The "Harvard rejection letter" that went viral earlier this week? Yeah, it's fake. But you should still read it.

Molly McGaan, the letter's author and a student at Francis W. Parker School in Chicago, wrote the cheeky piece of satire for her school's humor publication, "Citizen Poke," and it viral -- for obvious, hilarious reasons:

fake harvard rejection letter

The letter purported to come from the Harvard College Office of Admissions and Financial Aid. It regretfully informs Ms. McGaan her application, which rested on a solid foundation of “proficiency in ‘dank memes’” and a respectable level of “$wagg moneyyyy,” wouldn't be enough to earn admission despite a solid GPA and test scores.

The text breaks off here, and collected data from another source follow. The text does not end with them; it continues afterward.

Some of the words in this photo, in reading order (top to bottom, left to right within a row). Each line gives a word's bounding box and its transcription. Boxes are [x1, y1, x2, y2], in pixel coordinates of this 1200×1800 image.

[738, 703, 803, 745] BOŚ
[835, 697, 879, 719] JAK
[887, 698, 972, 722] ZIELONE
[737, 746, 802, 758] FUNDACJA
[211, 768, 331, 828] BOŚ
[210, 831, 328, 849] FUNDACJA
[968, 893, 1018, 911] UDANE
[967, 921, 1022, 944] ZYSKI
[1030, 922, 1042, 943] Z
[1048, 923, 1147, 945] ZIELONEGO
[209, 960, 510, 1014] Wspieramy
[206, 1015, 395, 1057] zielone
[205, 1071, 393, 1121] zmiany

"We also suggest obtaining recommendation letters from teachers or trusted mentors," the letter advises, "not 'my #4 side ho Derek' or Chief Keef, who submitted a picture of a dinosaur drawn in crayon on a rolling paper."

McGaan told The Huffington Post she was inspired to lighten the load of applying to schools.

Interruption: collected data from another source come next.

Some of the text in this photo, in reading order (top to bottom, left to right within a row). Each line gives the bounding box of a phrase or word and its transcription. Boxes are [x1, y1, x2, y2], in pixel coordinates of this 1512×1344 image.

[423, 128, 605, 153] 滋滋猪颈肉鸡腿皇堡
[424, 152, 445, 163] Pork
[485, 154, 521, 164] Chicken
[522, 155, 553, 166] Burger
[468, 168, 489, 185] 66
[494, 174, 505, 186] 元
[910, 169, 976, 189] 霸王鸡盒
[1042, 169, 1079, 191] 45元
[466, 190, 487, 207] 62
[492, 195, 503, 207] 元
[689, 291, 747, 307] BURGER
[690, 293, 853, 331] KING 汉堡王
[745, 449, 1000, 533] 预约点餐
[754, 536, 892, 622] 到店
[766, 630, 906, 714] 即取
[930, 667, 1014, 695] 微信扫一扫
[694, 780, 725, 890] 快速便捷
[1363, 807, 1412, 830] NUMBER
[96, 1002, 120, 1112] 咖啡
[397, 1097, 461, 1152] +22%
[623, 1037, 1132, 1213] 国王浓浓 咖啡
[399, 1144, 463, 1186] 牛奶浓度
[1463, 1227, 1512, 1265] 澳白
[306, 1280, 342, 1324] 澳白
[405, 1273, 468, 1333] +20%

"I've had a lot of friends ... really stressed out about college admissions," McGaan said, "and I just wanted to make some people smile."

She said she never expected the letter to resonate so much outside of her friend group. But it clearly has, racking up millions of views across Reddit, Tumblr, Facebook, and elsewhere since she posted it to the Citizen Poke Facebook page on Tuesday.

"To me it was just this very juvenile little joke that I wrote," she added. "I couldn't believe it got picked up so fast. I write this magazine at my school, and the most amount of 'likes' [a story has had on Facebook] before this was about four."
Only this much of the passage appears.